• _Prompt_
Each entry below must be given again word for word, with no pictures.

• _Dataset records_
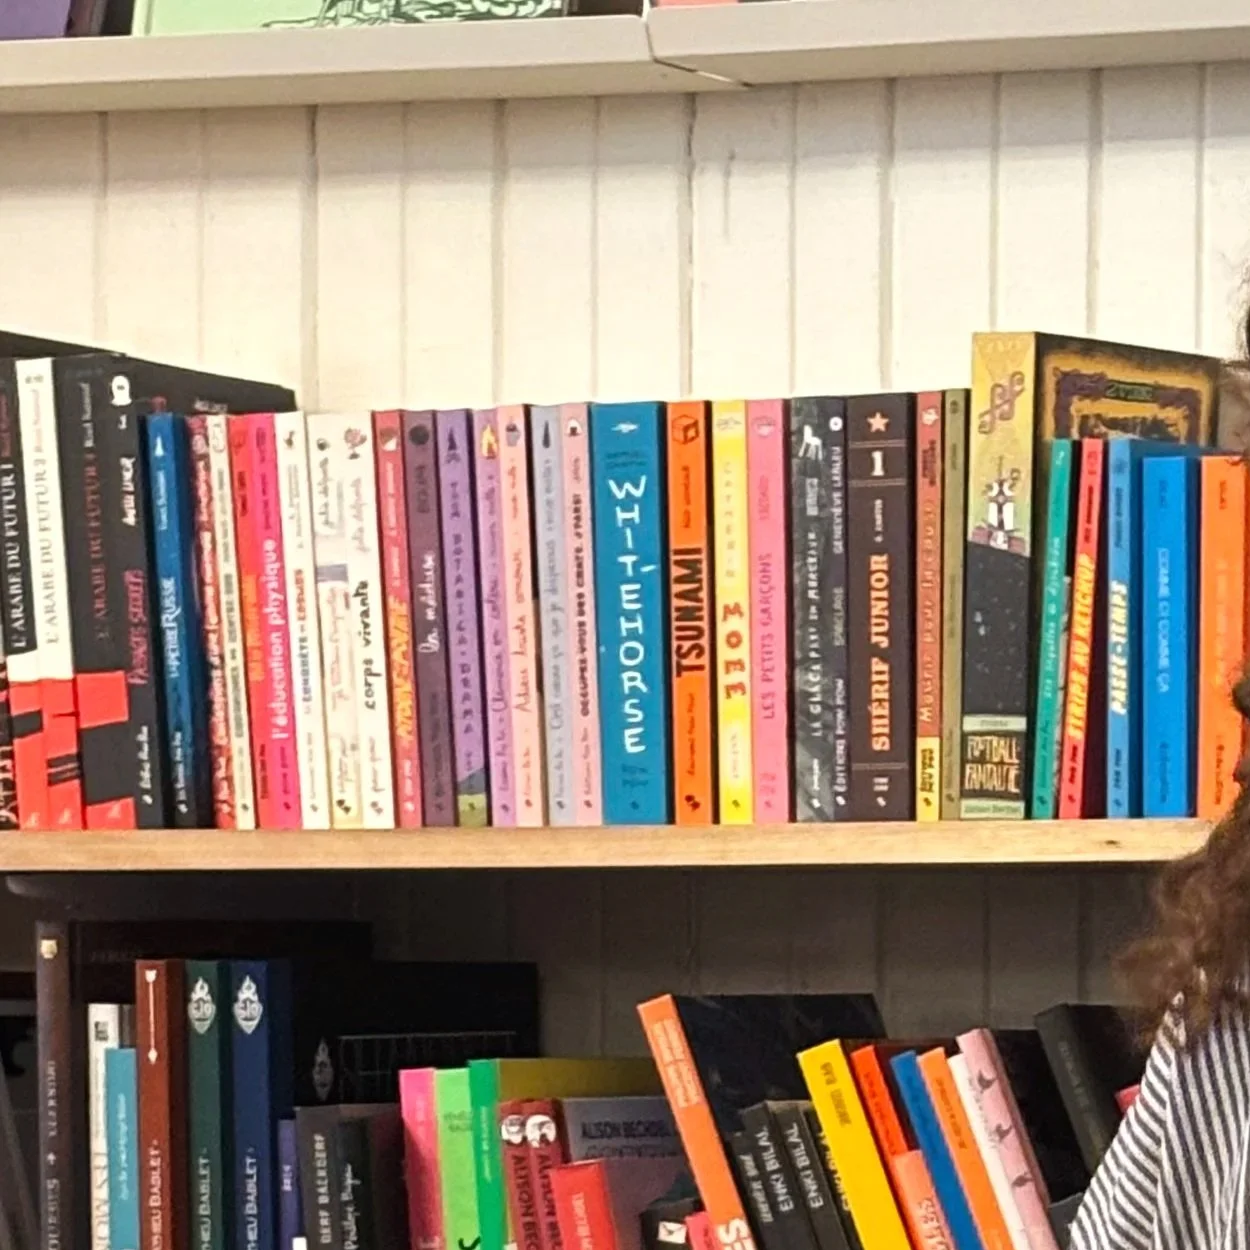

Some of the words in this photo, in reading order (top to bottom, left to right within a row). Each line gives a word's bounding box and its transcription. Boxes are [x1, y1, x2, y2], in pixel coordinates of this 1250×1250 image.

[1, 476, 19, 536] FUTUR
[33, 470, 52, 533] FUTUR
[84, 466, 101, 529] FUTUR
[830, 490, 846, 555] GENEVIÈVE
[3, 542, 21, 568] DU
[36, 538, 53, 564] DU
[88, 533, 104, 559] DU
[262, 539, 287, 626] physique
[672, 546, 708, 679] TSUNAMI
[756, 551, 776, 627] GARÇONS
[868, 552, 890, 649] JUNIOR
[1072, 552, 1097, 637] KETCHUP
[759, 632, 775, 683] PETITS
[1073, 639, 1091, 668] AU
[1107, 580, 1129, 716] PASSE-TEMPS
[267, 632, 290, 740] l'éducation
[362, 657, 383, 711] corps
[760, 691, 776, 720] LES
[867, 656, 891, 751] SHÉRIF
[833, 738, 847, 793] ÉDITIONS
[314, 1133, 330, 1205] BACKDERF
[754, 1125, 781, 1172] BILAL
[783, 1122, 811, 1169] BILAL
[148, 1147, 164, 1208] BABLET
[198, 1156, 213, 1216] BABLET
[245, 1156, 259, 1216] BABLET
[511, 1154, 532, 1216] ALISON
[768, 1172, 794, 1213] ENKI
[799, 1169, 825, 1209] ENKI
[319, 1210, 332, 1244] DERF
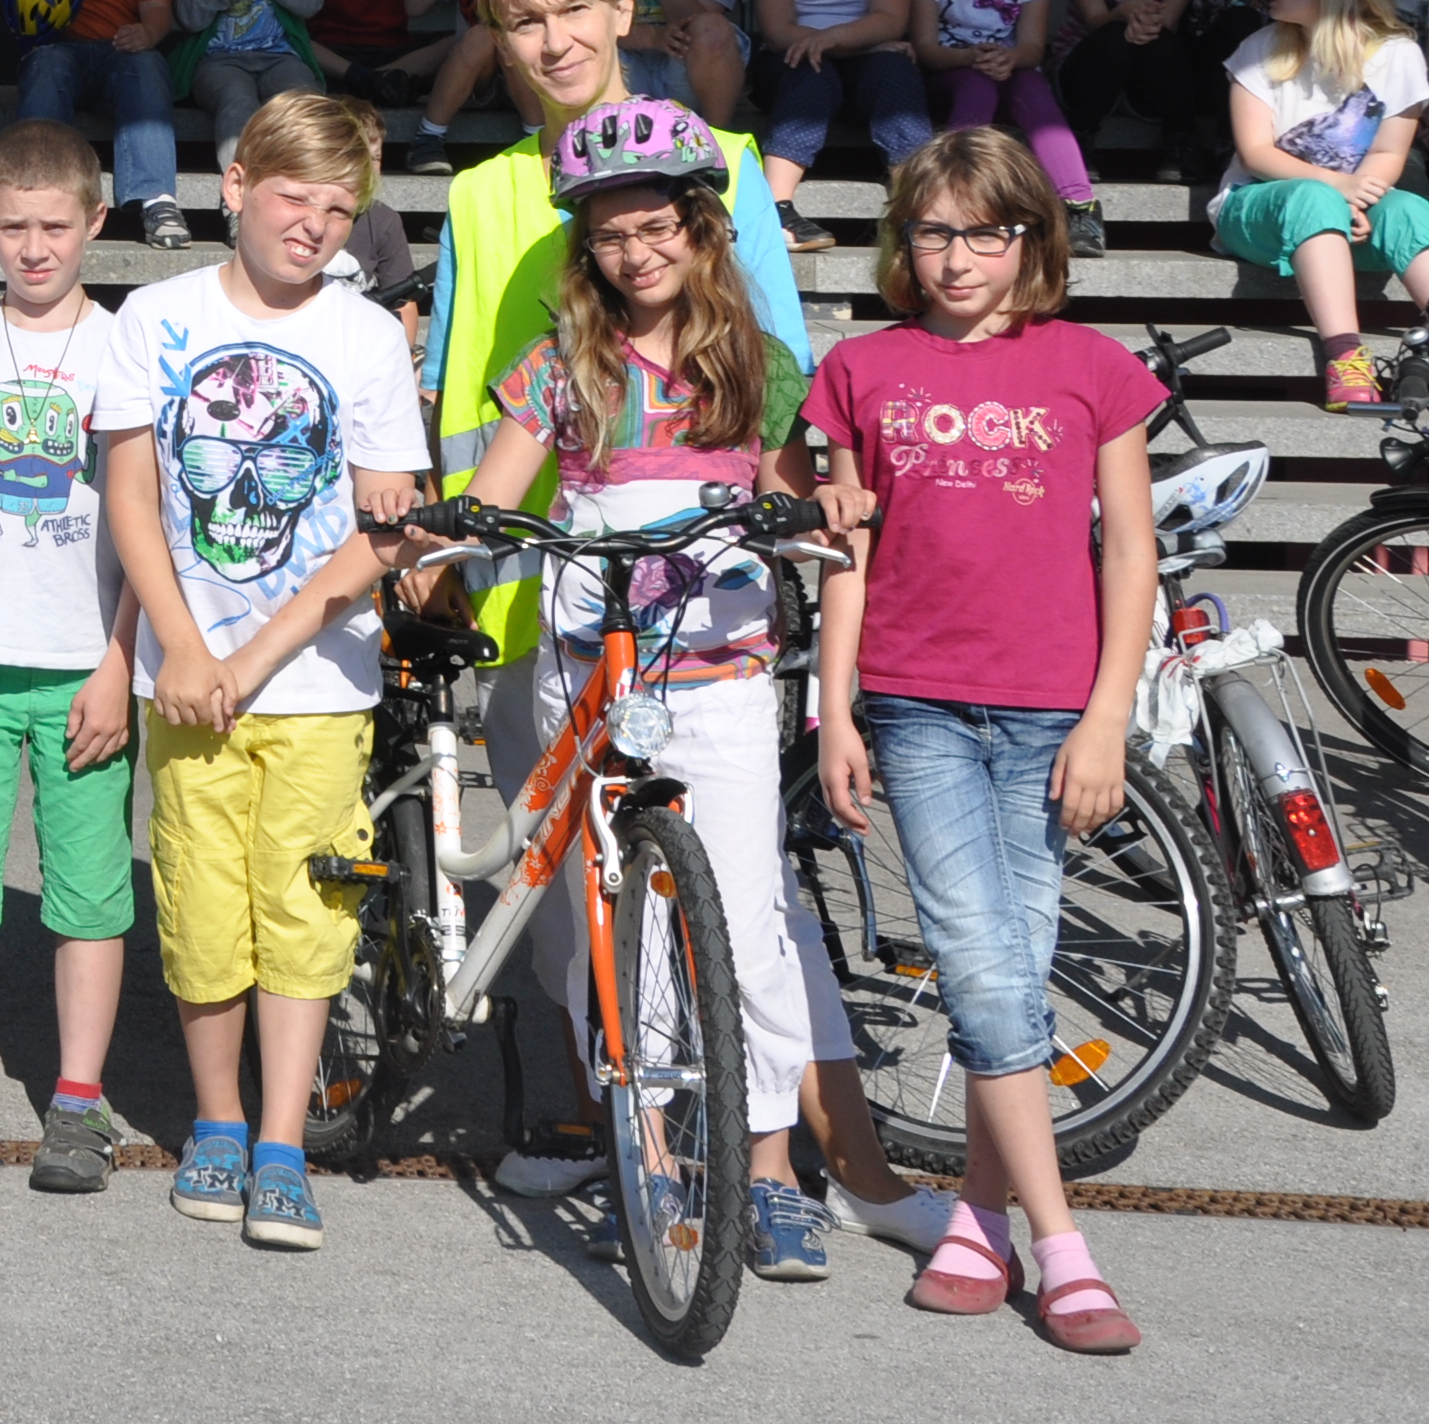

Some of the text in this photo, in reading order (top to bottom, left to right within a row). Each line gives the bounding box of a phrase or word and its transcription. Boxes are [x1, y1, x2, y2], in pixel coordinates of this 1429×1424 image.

[880, 400, 1056, 453] ROCK
[890, 442, 1023, 478] Princess
[935, 478, 977, 489] New Delhi
[1003, 481, 1025, 493] Hard
[1024, 483, 1046, 498] Rock
[40, 513, 92, 533] ATHLETIC
[52, 527, 91, 548] BROSS
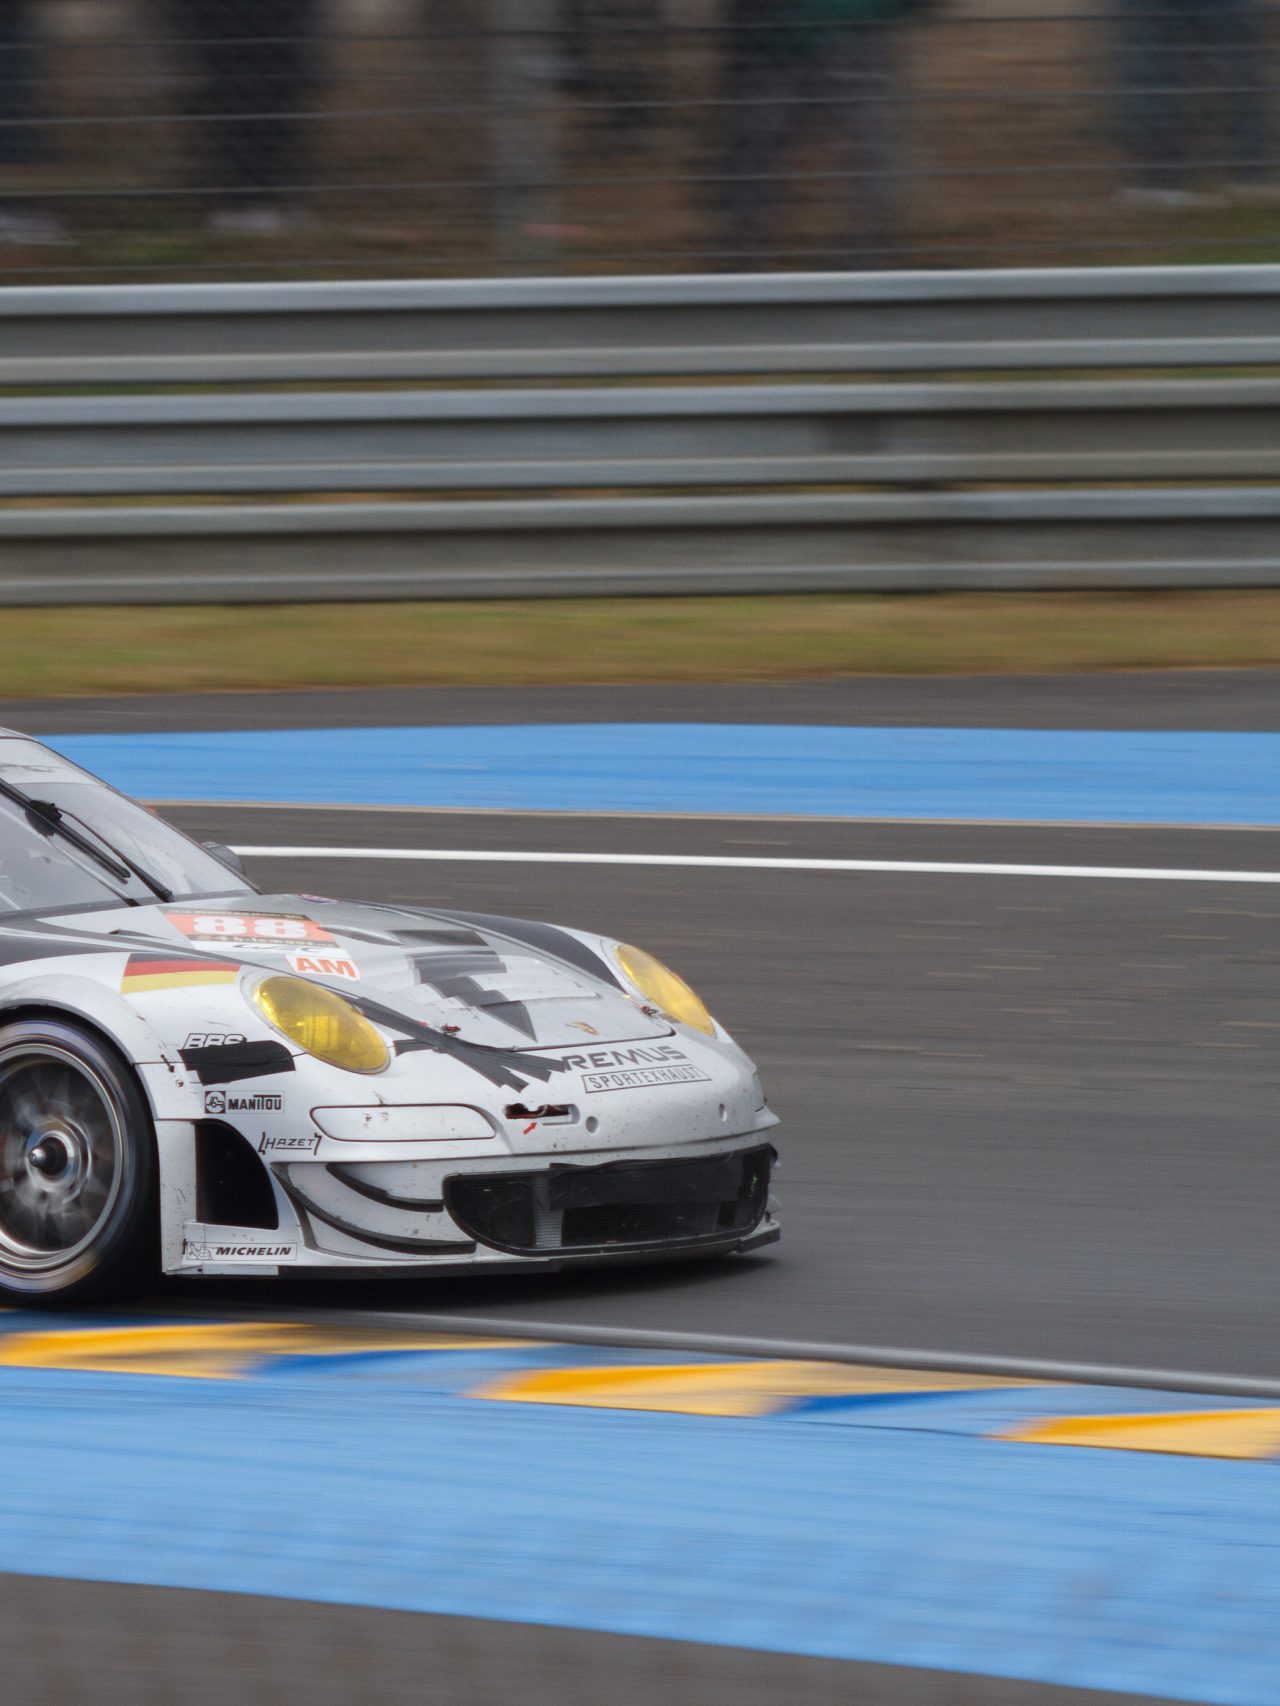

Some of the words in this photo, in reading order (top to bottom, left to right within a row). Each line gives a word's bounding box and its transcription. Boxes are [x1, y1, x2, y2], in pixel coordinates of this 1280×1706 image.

[192, 916, 308, 939] 88
[295, 957, 357, 979] AM
[562, 1045, 688, 1070] REMUS
[588, 1066, 702, 1089] SPORTEXHAUST
[228, 1095, 282, 1110] MANITOU
[263, 1135, 317, 1150] HAZET
[216, 1247, 291, 1256] MICHELIN

• _Exercise response_
Some of the words in this photo, in reading order (top to bottom, left to right within a row). Each line gives a word's bounding box and its transcription. Boxes are [x1, y1, x2, y2], in pixel coordinates of this 1250×1250 image.

[1, 476, 19, 536] FUTUR
[33, 470, 52, 533] FUTUR
[84, 466, 101, 529] FUTUR
[830, 490, 846, 555] GENEVIÈVE
[3, 542, 21, 568] DU
[36, 538, 53, 564] DU
[88, 533, 104, 559] DU
[262, 539, 287, 626] physique
[672, 546, 708, 679] TSUNAMI
[756, 551, 776, 627] GARÇONS
[868, 552, 890, 649] JUNIOR
[1072, 552, 1097, 637] KETCHUP
[759, 632, 775, 683] PETITS
[1073, 639, 1091, 668] AU
[1107, 580, 1129, 716] PASSE-TEMPS
[267, 632, 290, 740] l'éducation
[362, 657, 383, 711] corps
[760, 691, 776, 720] LES
[867, 656, 891, 751] SHÉRIF
[833, 738, 847, 793] ÉDITIONS
[314, 1133, 330, 1205] BACKDERF
[754, 1125, 781, 1172] BILAL
[783, 1122, 811, 1169] BILAL
[148, 1147, 164, 1208] BABLET
[198, 1156, 213, 1216] BABLET
[245, 1156, 259, 1216] BABLET
[511, 1154, 532, 1216] ALISON
[768, 1172, 794, 1213] ENKI
[799, 1169, 825, 1209] ENKI
[319, 1210, 332, 1244] DERF

Some of the text in this photo, in reading order (top to bottom, left to right within a row). Each line gives the bounding box of a phrase or word and its transcription. Boxes are [x1, y1, x2, y2], in pixel coordinates of this 1429×1424 image.

[880, 400, 1056, 453] ROCK
[890, 442, 1023, 478] Princess
[935, 478, 977, 489] New Delhi
[1003, 481, 1025, 493] Hard
[1024, 483, 1046, 498] Rock
[40, 513, 92, 533] ATHLETIC
[52, 527, 91, 548] BROSS

Some of the words in this photo, in reading order (top to bottom, left to right within a row). Each line gives a word's bounding box and its transcription. Boxes are [x1, y1, x2, y2], in pixel coordinates of this 1280×1706 image.

[192, 916, 308, 939] 88
[295, 957, 357, 979] AM
[562, 1045, 688, 1070] REMUS
[588, 1066, 702, 1089] SPORTEXHAUST
[228, 1095, 282, 1110] MANITOU
[263, 1135, 317, 1150] HAZET
[216, 1247, 291, 1256] MICHELIN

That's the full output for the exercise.